NOT ALL will admit it, but Marylanders are suffering from some serious California envy this summer, and I'm not talking about wistful longings for the mild weather of Carmel or a stroll through the vineyards of Napa. The Arnold -- that's what I'm talkin' 'bout. We all wish we had a story like The Arnold.
All we have is Arnold, Md.
And Arnold Bread.
And the attorney, Herb Arnold.
Sorry, my friends, but we don't have a story that can touch The Arnold for size and quality. This story has what Hans and Franz, the Arnold-inspired bodybuilders from Saturday Night Live, used to call "pumpitude." In Maryland, we don't have anyone or anything like The Arnold.
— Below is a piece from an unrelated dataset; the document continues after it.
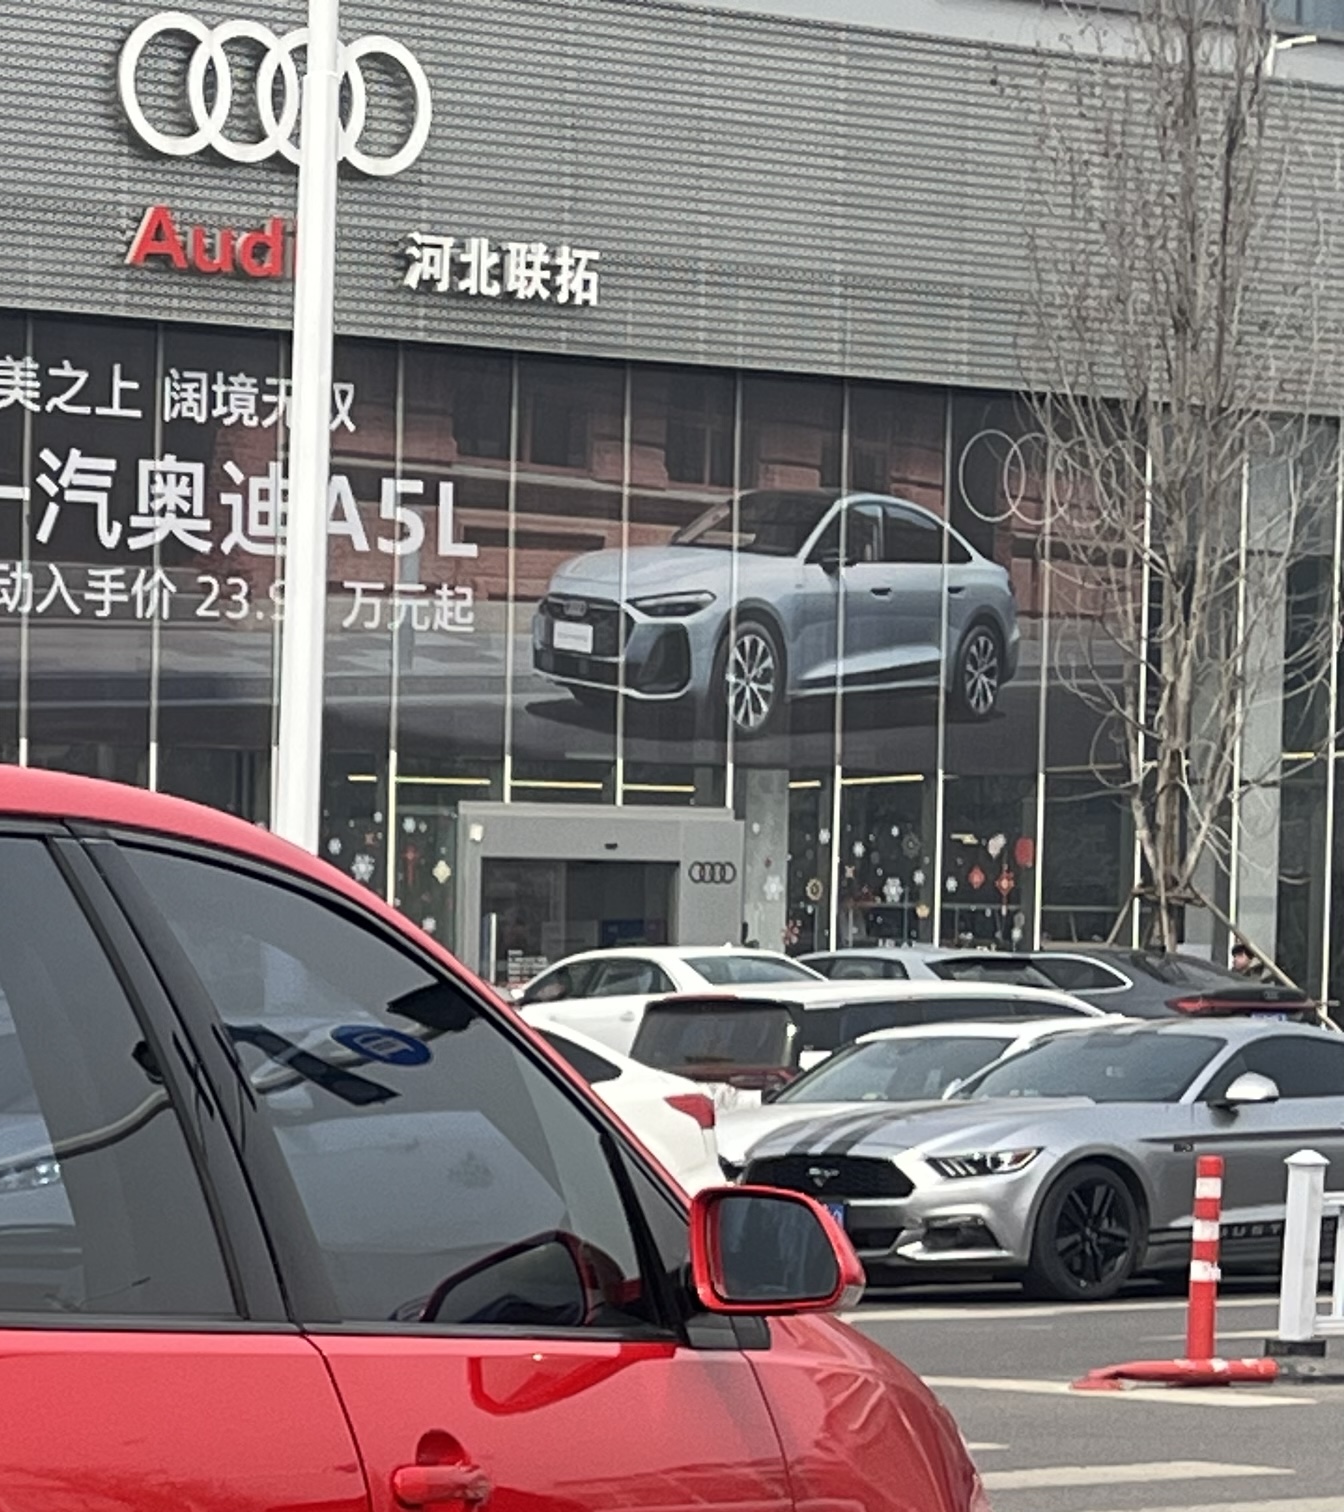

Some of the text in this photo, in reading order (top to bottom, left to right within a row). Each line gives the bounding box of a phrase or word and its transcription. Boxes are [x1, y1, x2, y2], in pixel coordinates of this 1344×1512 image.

Our governor is Ehrlich -- he who vanquished the Kennedy cousin of Arnold's wife -- and he is no Arnold. There is no pumpitude there.
People certainly seem to like Ehrlich enough, but they do not speak of him in breathless tones unless they've just been jogging. On the other hand, there was such a buzz about Arnold at my supermarket the other day that, had she been able to utter something besides, "Please move your bananas," the robotic voice inside the self-checkout machine probably would have joined the conversation. Everybody is talking about Arnold.
The Terminator is eating us alive. Kobe Bryant could not pay for this kind of distracting news story.
Geraldo should roll out a television show, All-Arnold, All-The-Time News. I wouldn't watch any other channel. I'd give up SpongeBob.
Don't get me wrong. I like Maryland. It's my adopted state, and I am proud to say I live here. It has produced some good stories over the years -- Spiro T. Agnew, the savings and loan crisis, Donald Kroner crashing an airplane in Memorial Stadium after a Colts game, the Granite stump dump fire that burned for two years.
But we've never had a story like The Arnold.
California has produced tremendous cabernets, excellent nectarines, great movies the whole world wants to see and the nation's best stories, from the Donner Party to O.J. to this -- a Republican Austrian-American body-builder actor who played one of the most homicidal characters in cinematic history, who is running against a colorless sitting governor named Gray facing recall under the weight of a $38 billion state budget deficit.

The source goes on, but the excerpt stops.